BEGIN

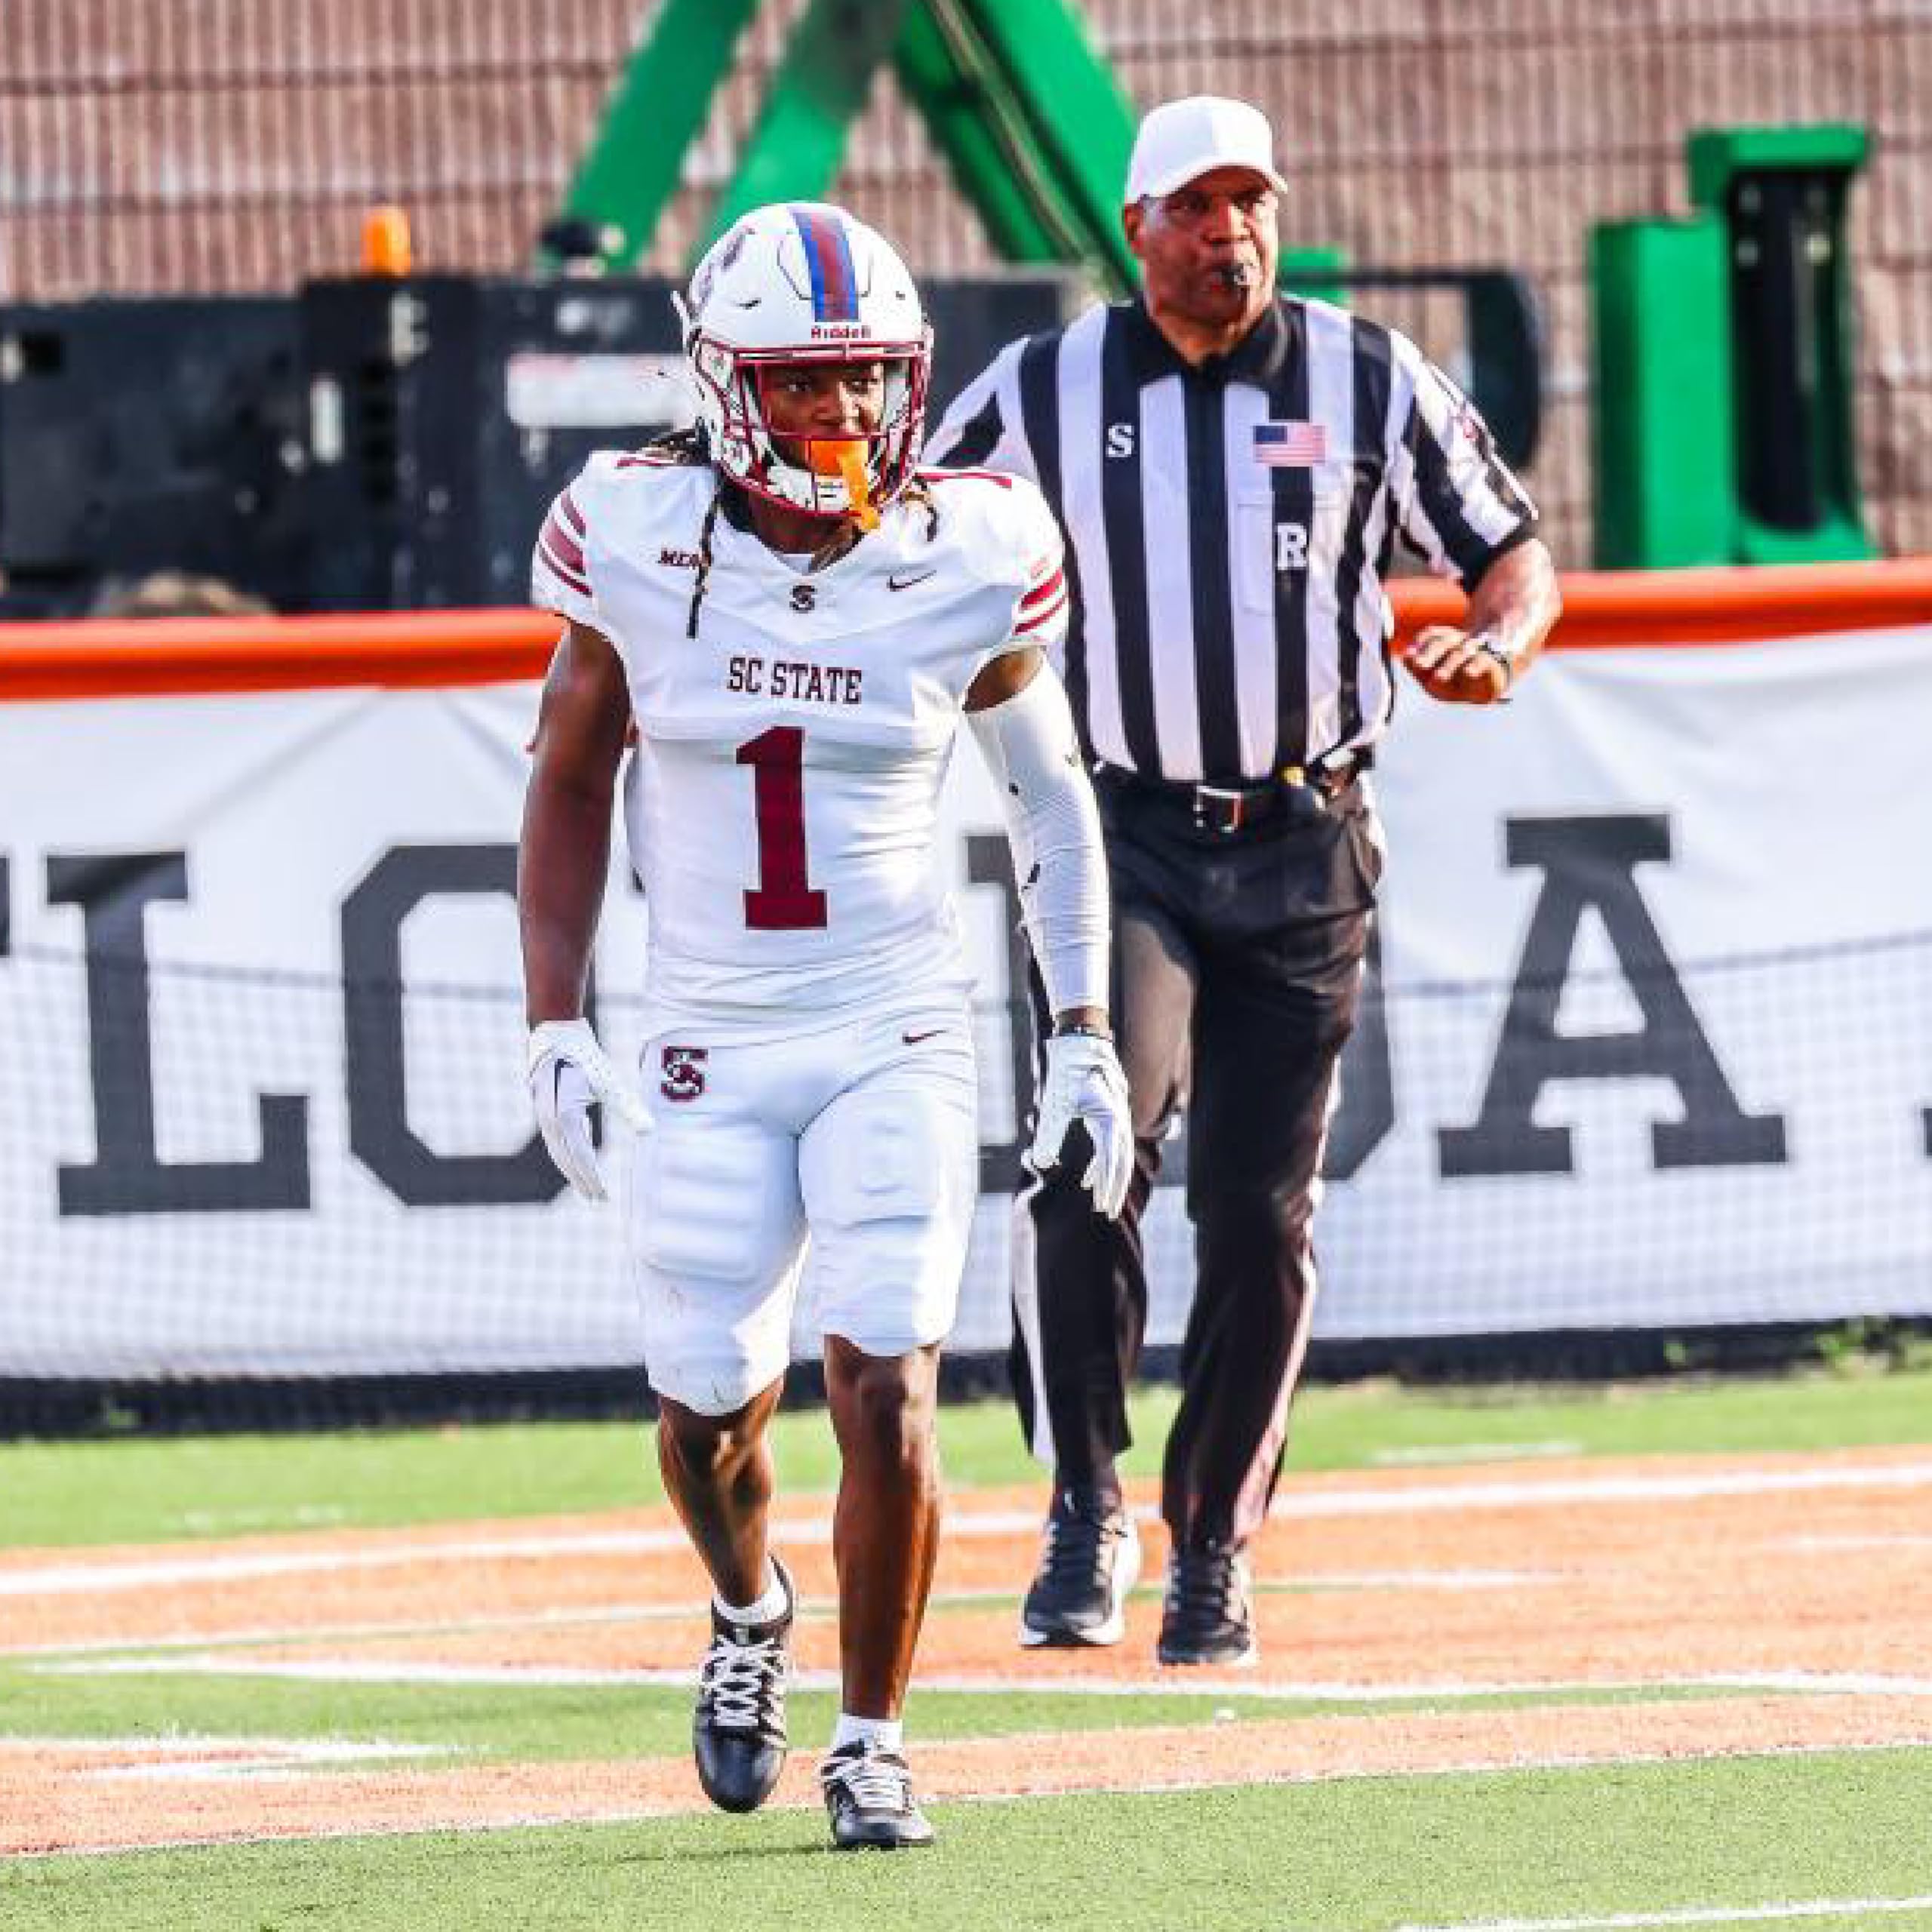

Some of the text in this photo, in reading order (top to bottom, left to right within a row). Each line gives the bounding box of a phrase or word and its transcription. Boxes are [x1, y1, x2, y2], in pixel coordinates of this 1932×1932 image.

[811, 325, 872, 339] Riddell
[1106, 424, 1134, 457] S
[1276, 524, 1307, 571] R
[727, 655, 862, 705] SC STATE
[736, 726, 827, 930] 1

END

• _Your goal_
Skip the pictures, then retype every line above exactly.

• _Answer_
Some of the text in this photo, in reading order (top to bottom, left to right within a row). Each line gives the bounding box of a phrase or word and its transcription. Boxes are [x1, y1, x2, y2], in pixel coordinates of this 1932×1932 image.

[811, 325, 872, 339] Riddell
[1106, 424, 1134, 457] S
[1276, 524, 1307, 571] R
[727, 655, 862, 705] SC STATE
[736, 726, 827, 930] 1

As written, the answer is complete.